Presidential nominees typically get a bounce out of successful conventions, and Sen. Barack Obama’s performance was a hit by any metric. (More on that later.) After a busy weekend, however, national polling shows that Obama got no bounce at all. Gallup:
“„Obama did not gain any additional support in the poll since his generally well-reviewed acceptance speech on Thursday night.
None. Zip. Zero. Remember, the Democratic National Convention broke several records for overall viewers. Day Two drew five times the ratings of the same day in 2004. Day Four, Obama’s address, shattered convention records, topping ratings for “American Idol,” the most-watched night of the Olympics and the Oscars. (The Oscars!) The speech thrilled delegates and was heralded across the spectrum — including this striking praise from conservative Pat Buchanan. If the story ended there, Obama would have surely netted some increase in the polls.
Before the Mile High Speech sunk in at all, however, the McCain campaign dropped its bombshell news about Gov. Sarah Palin. People were shocked, riveted, excited and disconcerted. They were not thinking about Obama anymore. CNN’s new poll, like Gallup, shows no bounce for Obama. CNN Polling Director Keating Holland explains that there were two bounces — or maybe none:
“„The convention, and particularly Obama’s speech, seems to be well-received. And the selection of Sarah Palin as the GOP running mate also seems to be well-received. So why is the race still a virtual tie? Probably because the two events created equal and opposite bounces assuming that either one created a bounce at all.
Now, maybe you’d like a slightly more definitive analysis from the person in charge of the poll, but Holland is candidly noting that tracking polls are inexact and the non-bounce is hard to read. If by “opposite bounces,” however, he means that an equal number of supporters of each candidate switched places, that’s the less likely explanation. More likely, the undecideds and soft conservatives — who might have been temporarily swayed by Obama’s big night — stopped in their tracks with the Palin news. That’s discouraging, naturally, for all those people who reflexively assume that Palin is hurting McCain. Take The Atlantic’s Andrew Sullivan, who emphasizes that undecided voters claim they dislike the pick:
“„[A]mong the critical undecideds, the Palin pick made only 6 percent more likely to vote for McCain; and it made 31 percent less likely to vote for him. 49 percent said it would have no impact, and 15 percent remained unsure.

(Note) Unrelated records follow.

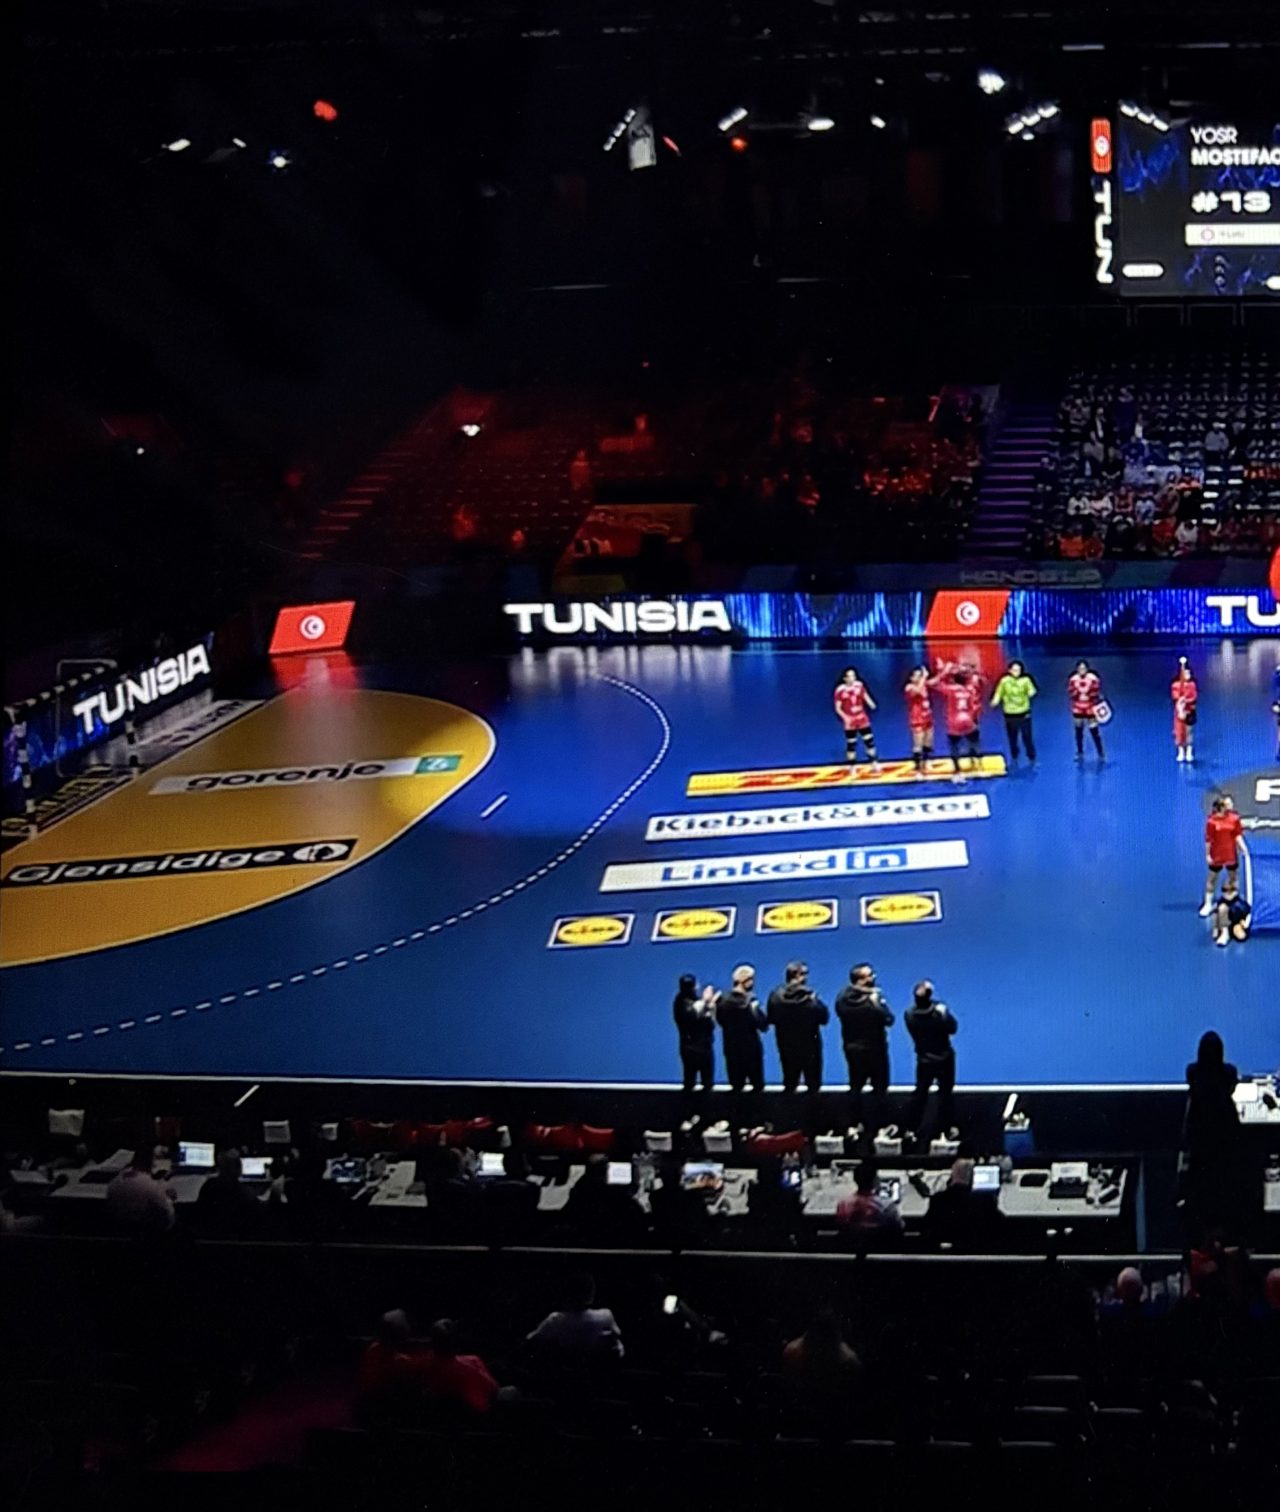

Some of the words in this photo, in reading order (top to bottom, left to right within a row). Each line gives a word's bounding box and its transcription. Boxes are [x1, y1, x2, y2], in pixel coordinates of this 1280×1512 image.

[1191, 125, 1238, 144] YOSR
[503, 602, 731, 632] TUNISIA
[72, 644, 211, 734] TUNISIA
[186, 762, 385, 792] gorenje
[655, 799, 979, 832] Kieback&Peter
[8, 847, 286, 884] Gjensidige
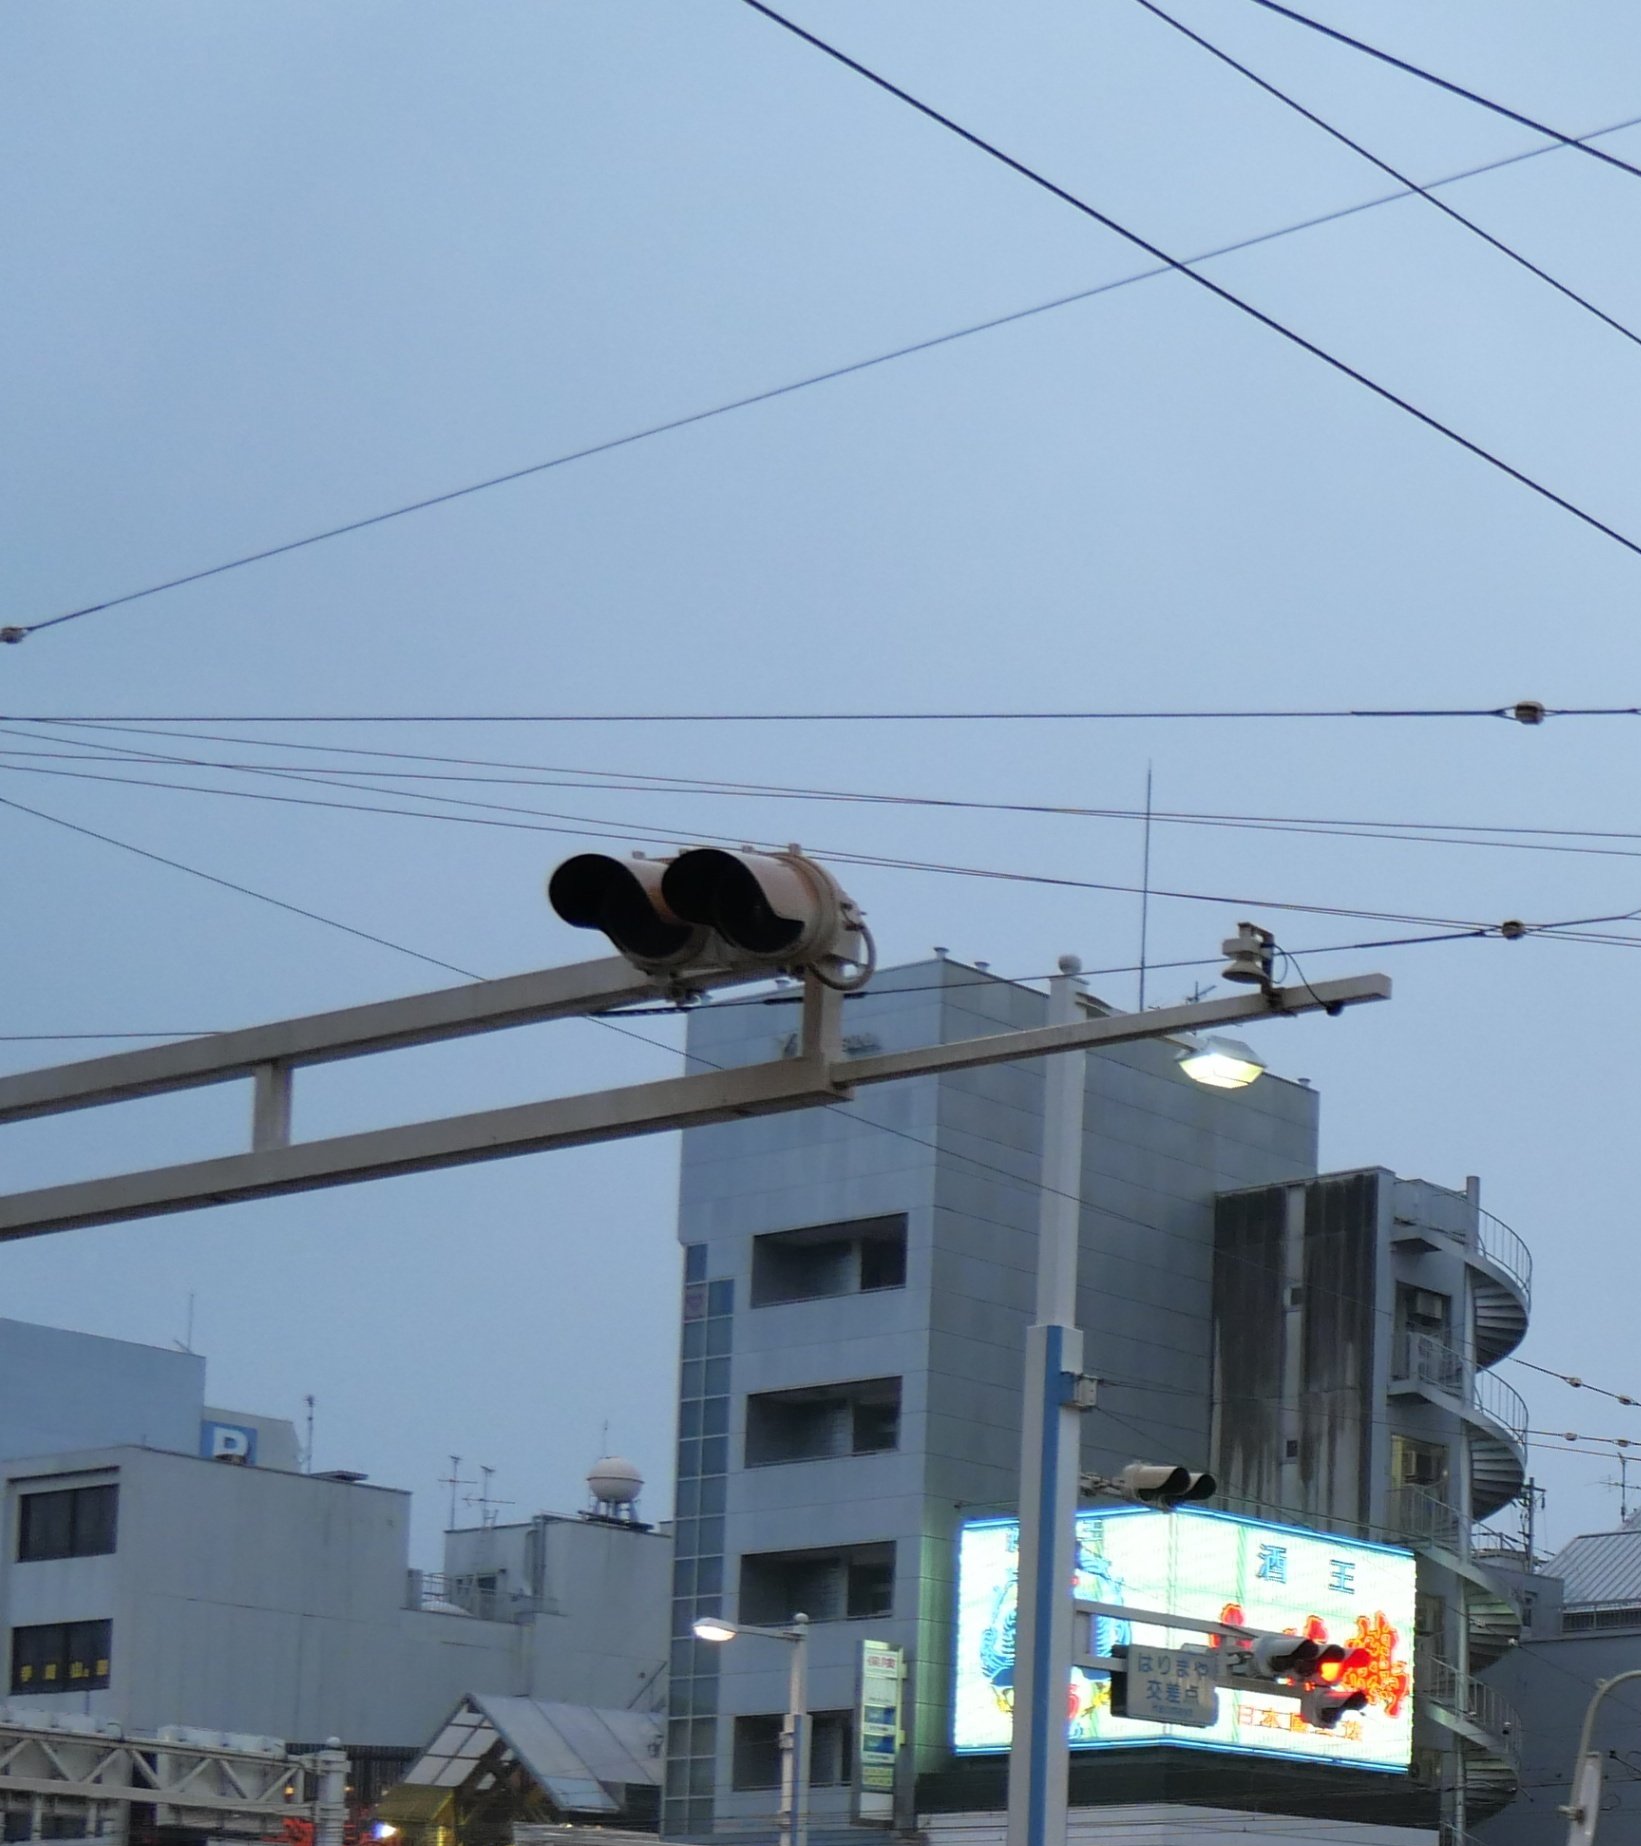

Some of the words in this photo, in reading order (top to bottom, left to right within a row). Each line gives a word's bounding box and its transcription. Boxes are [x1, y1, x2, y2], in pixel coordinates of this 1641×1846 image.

[1256, 1543, 1356, 1595] 酒王
[1138, 1653, 1210, 1678] はりまや
[1146, 1680, 1200, 1705] 交差点
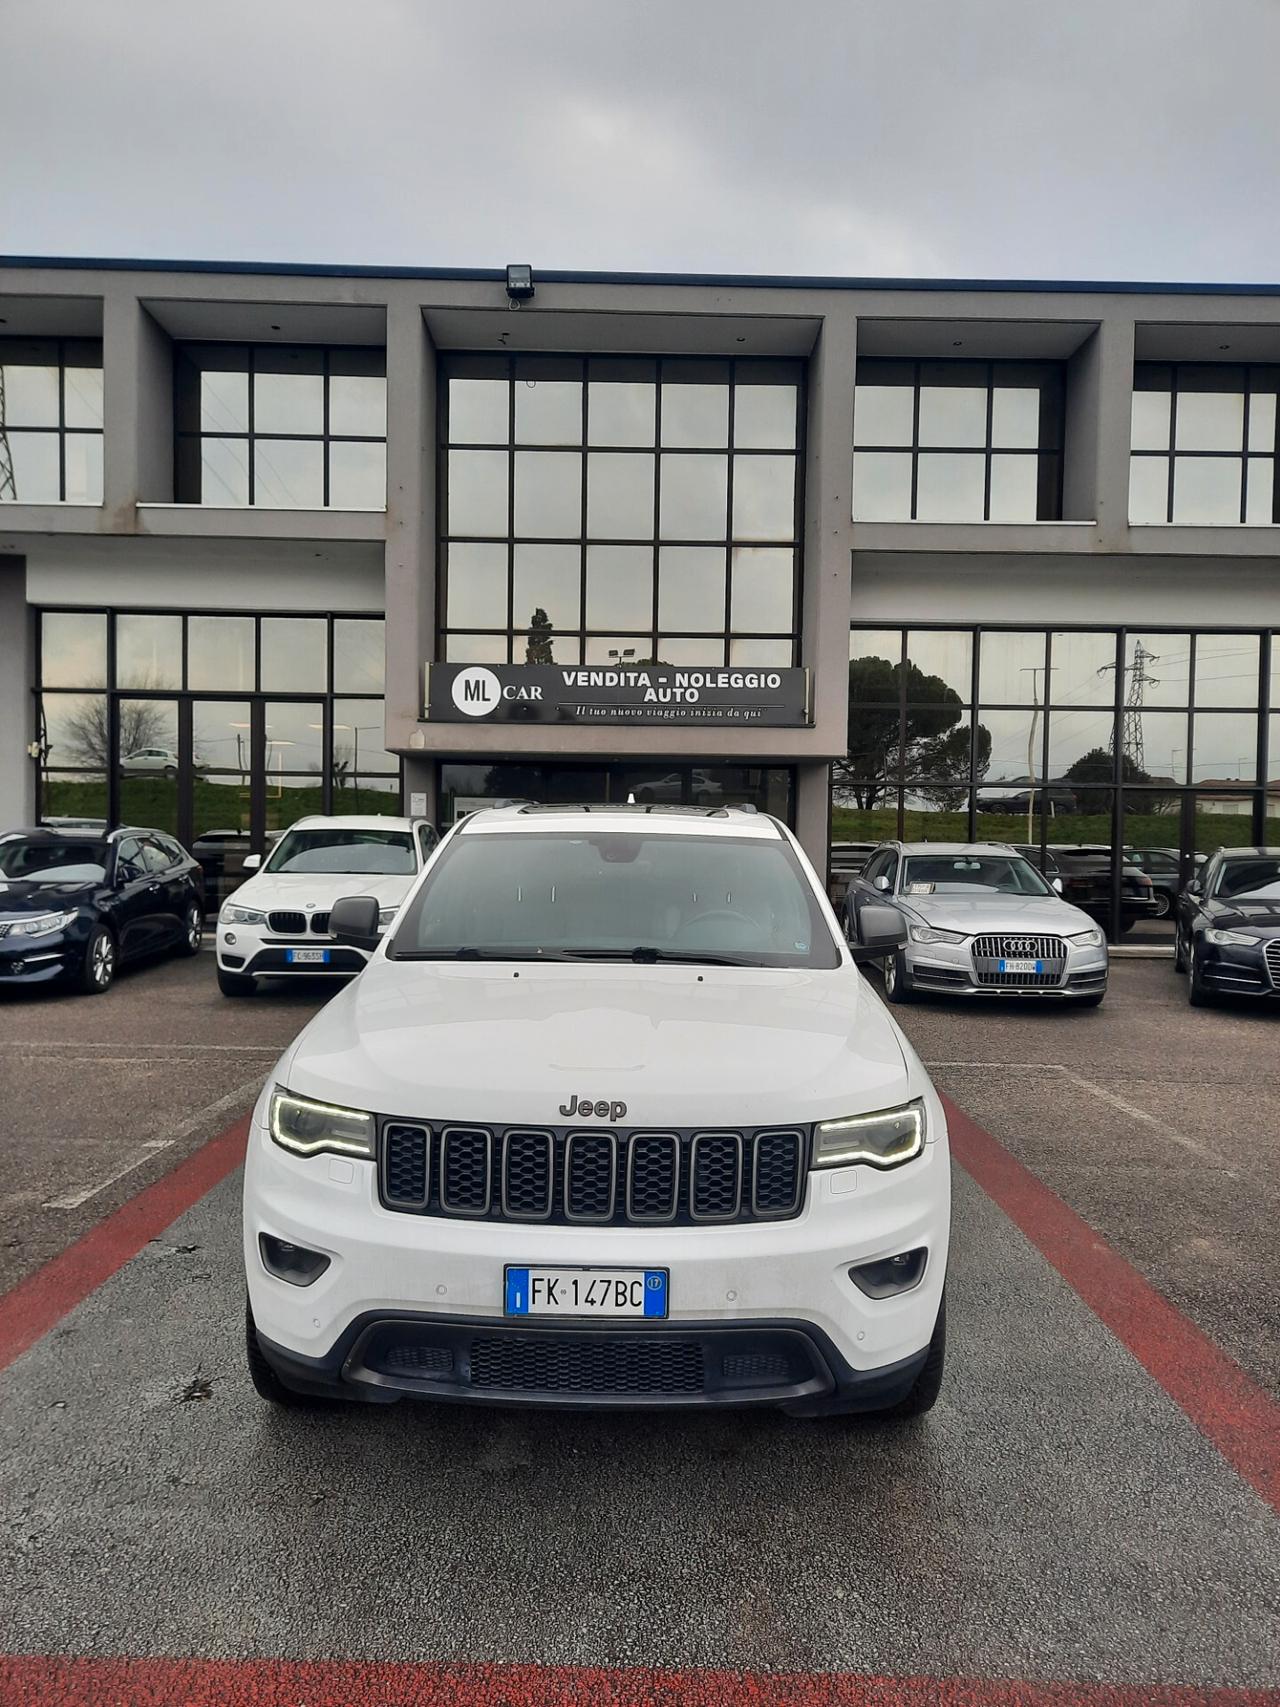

So they say. But survey interviews are a “performance of an ideal self,” as the writer Alexander Provin explains so perfectly in a review of pollster John Zogby’s new book. People may not want to admit — to themselves, let alone pollsters — that the running mate affects their vote, or that the simple addition of a woman to the GOP ticket is making them give McCain a second look. Most say the pick is irrelevant (49 percent) or bad (31 percent). Meanwhile, in the aggregate, the same voters appear to be sticking by McCain, defying the usual trends, after Obama’s tremendously successful convention.